The goal: true, two-way, multilingual communication. VoxTec and SRI International together make up one of four groups around the country that have received DARPA funding for Babylon project research. Through the Information Awareness Office, home of the controversial Total Information Awareness system, the military is funding research into two-way translation that focuses on “low population, high-terrorist risk languages.”
It’s not enough to train military and intelligence personnel in Arabic. Not only can’t it be done fast enough, but in the new era of the American war on terrorism, there are too many languages, too many different theaters and too many different enemies for anything but a machine to understand and speak all the necessary tongues.
“Prior to the end of the Cold War, we had a monolith theater,” says Sarich. “We had Russian and Eastern European linguists. Now, we find ourselves involved in a lot of new things where we don’t speak the language, and finding reliable linguists is very difficult.”
The Phraselator currently does not accept responses — for the obvious reason that, say, Iraqi peasants will have no idea what phrases the machine has been programmed to translate. So the first step to real two-way communication is a machine that will accept and translate a very limited number of responses, such as “yes” and “no” from a respondent. Then, soldiers or doctors can be trained to ask only questions that will elicit those types of answers.
The next level of complexity: training the machine to pick out specific, important words like “doctor” or “danger” spoken by a respondent. That way, something sensible might be communicated, even if full translation can’t be achieved.
But the real goal of the Babylon project is not just limited phrase translation, but so-called “free input” — two-way translation of actual conversation. “The problem is that free input is still too ambitious for current technology today,” says Franco. “The technology is not powerful enough to allow us to recognize any speech in any domain, because the error would be too high.” Instead, researchers are focusing on free input in a very limited context: such as a doctor communicating with a patient.
At Carnegie Mellon University, a group of computer scientists working with three local Pittsburgh companies, Mobile Technologies, Multi Modal Technologies and Cepstral, last year created a prototype of a device called the “speechlator” that translates medical interviews from English to Egyptian Arabic and back.
The speech-recognition component translates the English to “interlingua,” a computer-readable intermediate language. “That language is a mathematical language almost like a logic,” says Alan Black, a research computer scientist with Carnegie Mellon.
What’s the value of introducing a third language to the equation? It means that instead of solving the problem of translating from English to Spanish, and Spanish to French and French to English, every language can be translated into interlingua.
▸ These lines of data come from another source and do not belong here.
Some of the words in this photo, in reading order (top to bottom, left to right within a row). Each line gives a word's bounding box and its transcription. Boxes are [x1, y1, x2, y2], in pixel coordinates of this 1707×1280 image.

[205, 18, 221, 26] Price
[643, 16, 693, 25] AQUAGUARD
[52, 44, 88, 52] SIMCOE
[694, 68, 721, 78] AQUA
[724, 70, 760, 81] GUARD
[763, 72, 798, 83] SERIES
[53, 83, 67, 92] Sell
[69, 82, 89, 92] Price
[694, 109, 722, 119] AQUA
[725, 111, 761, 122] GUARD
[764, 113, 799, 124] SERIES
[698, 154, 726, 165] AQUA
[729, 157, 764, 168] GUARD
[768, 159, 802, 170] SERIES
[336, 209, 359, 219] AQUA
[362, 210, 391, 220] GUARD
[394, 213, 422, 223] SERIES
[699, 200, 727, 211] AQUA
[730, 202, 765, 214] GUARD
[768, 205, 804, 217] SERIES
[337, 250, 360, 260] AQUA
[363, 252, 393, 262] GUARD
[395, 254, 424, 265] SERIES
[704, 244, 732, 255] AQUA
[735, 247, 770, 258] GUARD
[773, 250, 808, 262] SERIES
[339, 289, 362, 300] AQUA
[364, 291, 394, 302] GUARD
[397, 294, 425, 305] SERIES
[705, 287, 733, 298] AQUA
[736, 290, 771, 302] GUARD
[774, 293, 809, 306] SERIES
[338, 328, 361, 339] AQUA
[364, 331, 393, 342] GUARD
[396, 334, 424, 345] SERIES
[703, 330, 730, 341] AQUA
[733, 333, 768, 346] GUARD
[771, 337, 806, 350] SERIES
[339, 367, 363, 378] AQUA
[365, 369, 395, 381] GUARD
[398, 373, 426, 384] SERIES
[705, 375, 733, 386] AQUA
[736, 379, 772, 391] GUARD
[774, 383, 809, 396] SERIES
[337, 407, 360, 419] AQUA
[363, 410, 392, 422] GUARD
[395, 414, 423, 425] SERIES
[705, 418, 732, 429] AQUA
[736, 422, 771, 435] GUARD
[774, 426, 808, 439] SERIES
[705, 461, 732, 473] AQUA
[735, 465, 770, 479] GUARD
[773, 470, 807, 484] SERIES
From interlingua, the translation engine generates the Arabic text, then a speech synthesizer vocalizes the Arabic.
Even within the relatively constrained realm of a medical interview, there’s endless variation. “We have to have linguists write rules to describe the variations that exist in the language,” says Black. “Does your X hurt?’” Then, listing all the possible things that X will be.”
The prototype hasn’t been tested yet to see how it might perform in real-world conditions; they’re awaiting more funding from DARPA later this year.
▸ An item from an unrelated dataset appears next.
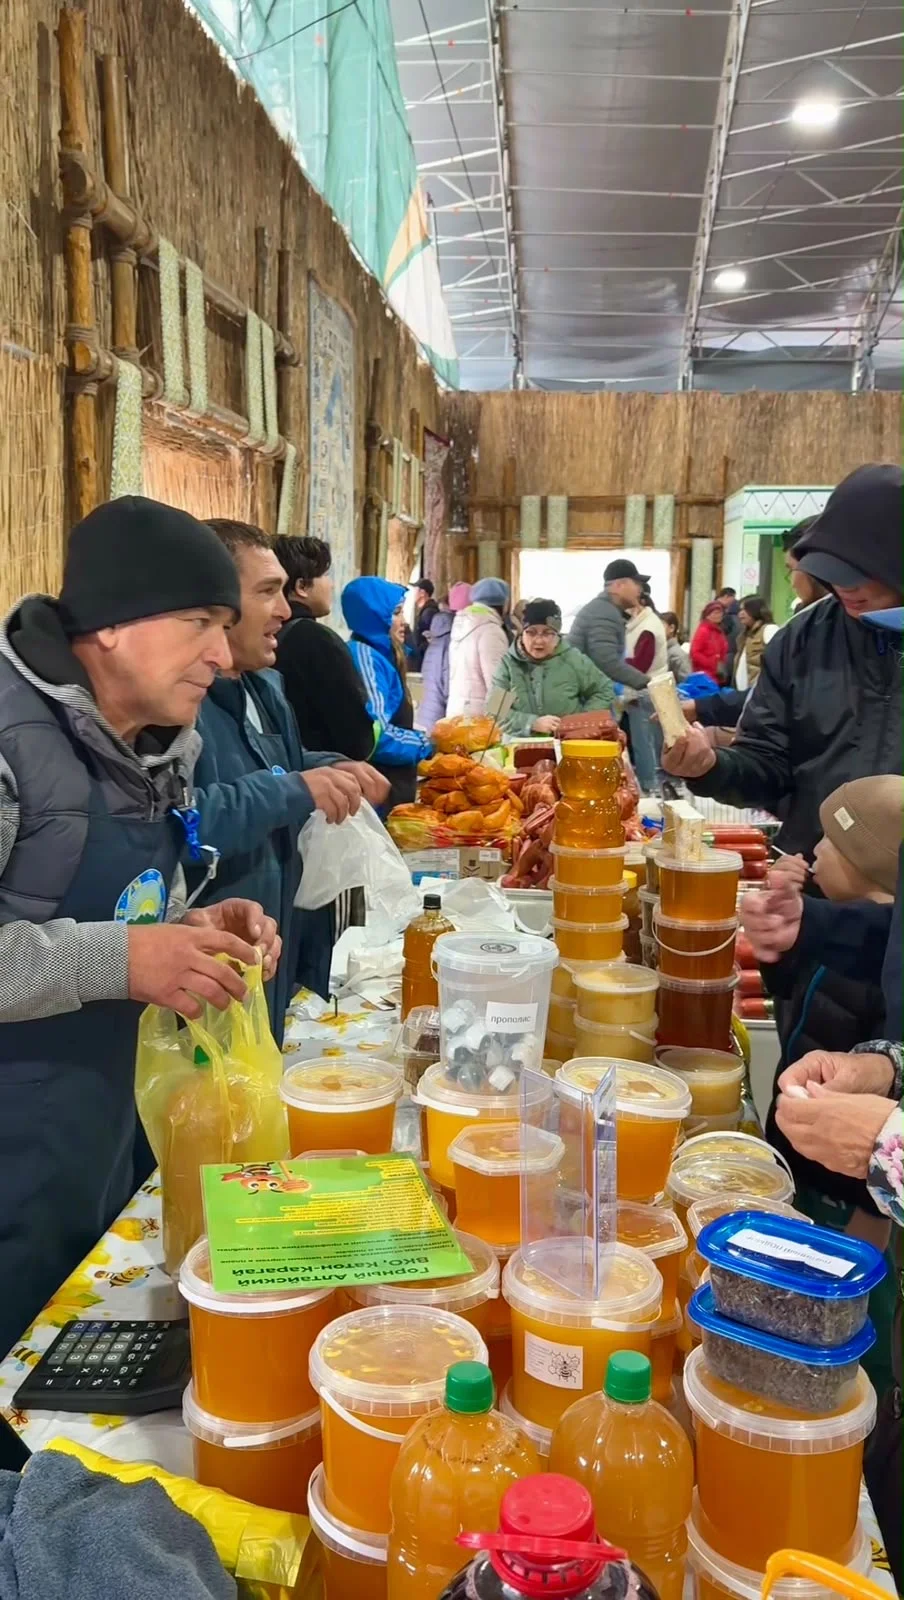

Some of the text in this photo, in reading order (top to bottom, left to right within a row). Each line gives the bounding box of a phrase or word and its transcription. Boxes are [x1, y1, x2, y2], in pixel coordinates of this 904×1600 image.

[232, 1261, 378, 1276] Катон-Карагай
[238, 1267, 429, 1287] Горный Алтайский
Of course, the usual problems of machine translation aren’t the only challenges for these devices. As any user of desktop voice-recognition software knows, systems can be trained for the vagaries of a specific user’s accent and inflection, improving over time the more it’s used. But battlefield devices need to be largely user-neutral: ready for use by a number of people. The limited memory of a handheld device is also a real barrier when you’re dealing with the variables of actual real conversation.
Although, how much memory does it really take to say “Take me to your weapons of mass destruction”?